Nat King Cole
Nathaniel Adams Coles, known professionally as Nat “King” Cole, was an American musician who first came to prominence as a leading jazz pianist. Although an accomplished pianist, he owes most of his popular musical fame to his soft baritone voice, which he used to perform in big band and jazz genres. He was one of the first black Americans to host a television variety show, and has maintained worldwide popularity since his untimely death; he is widely considered one of the most important musical personalities in United States history.
Nathaniel Adams Coles was born in Montgomery, Alabama, on Saint Patrick’s Day in 1919. At the age of 4, his family moved to Chicago, Illinois. There his father, Edward Coles, became a Baptist minister. Cole learned to play the organ from his mother, Perlina Coles, the church organist. His first performance, at age four, was of “Yes! We Have No Bananas”. He began formal lessons at the age of 12, eventually learning not only jazz and gospel music but also European classical music, performing, as he said, “from Johann Sebastian Bach to Sergei Rachmaninoff”.

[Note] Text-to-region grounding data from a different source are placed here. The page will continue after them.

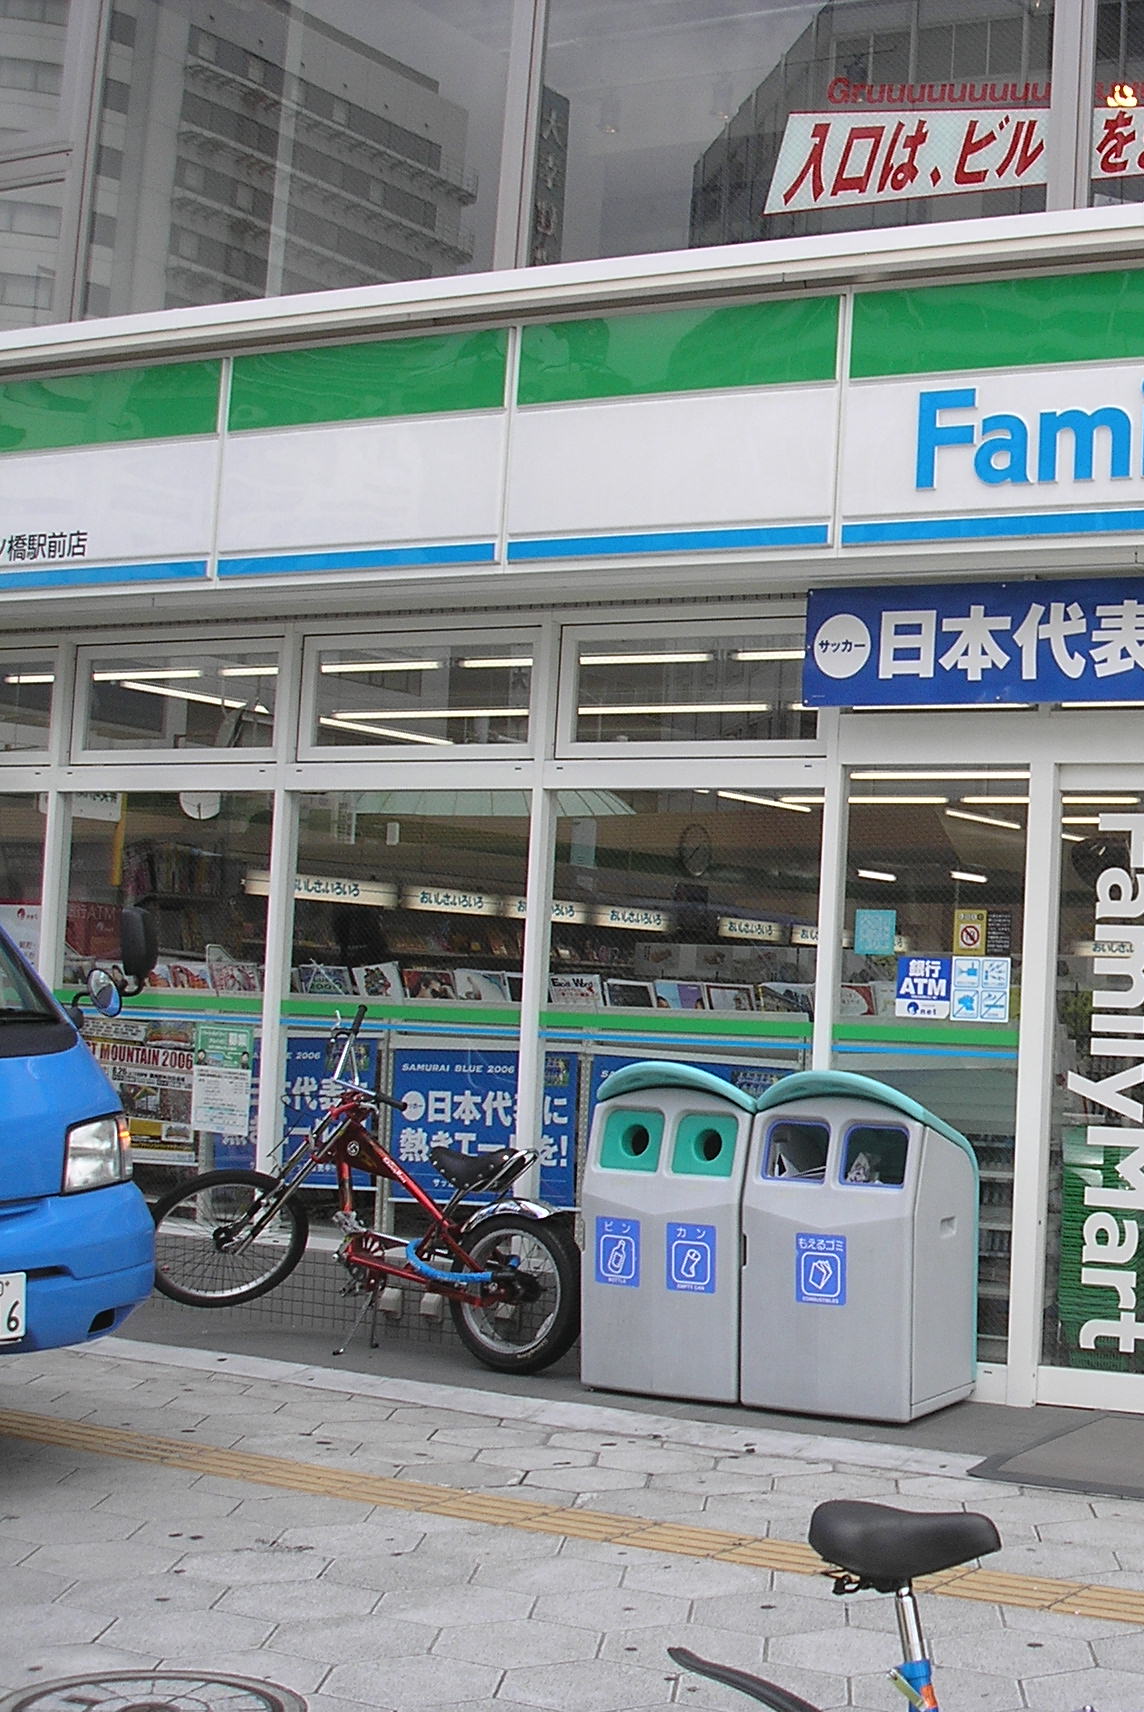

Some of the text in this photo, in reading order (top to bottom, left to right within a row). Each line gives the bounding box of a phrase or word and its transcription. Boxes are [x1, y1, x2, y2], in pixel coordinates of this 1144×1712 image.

[0, 530, 88, 561] 橋駅前店
[818, 639, 866, 653] サッカー
[909, 959, 942, 978] 銀行
[900, 977, 947, 996] ATM
[100, 1042, 160, 1066] MOUNTAIN
[161, 1050, 193, 1069] 2006
[401, 1063, 515, 1074] SAMURAI BLUE 2006
[427, 1090, 568, 1126] 日本代に
[604, 1220, 631, 1234] ビン
[676, 1227, 707, 1240] カン
[798, 1237, 844, 1253] もえるゴミ

Cole had three brothers – Eddie, Ike, and Freddy. Cole’s half-sister, Joyce Cole, married Robert Doak, of Robert Doak & Associates, Inc., art supplier.
The family lived in the Bronzeville neighborhood of Chicago. Cole would sneak out of the house and hang around outside the clubs, listening to artists such as Louis Armstrong, Earl Hines, and Jimmie Noone. He participated in Walter Dyett’s renowned music program at DuSable High School.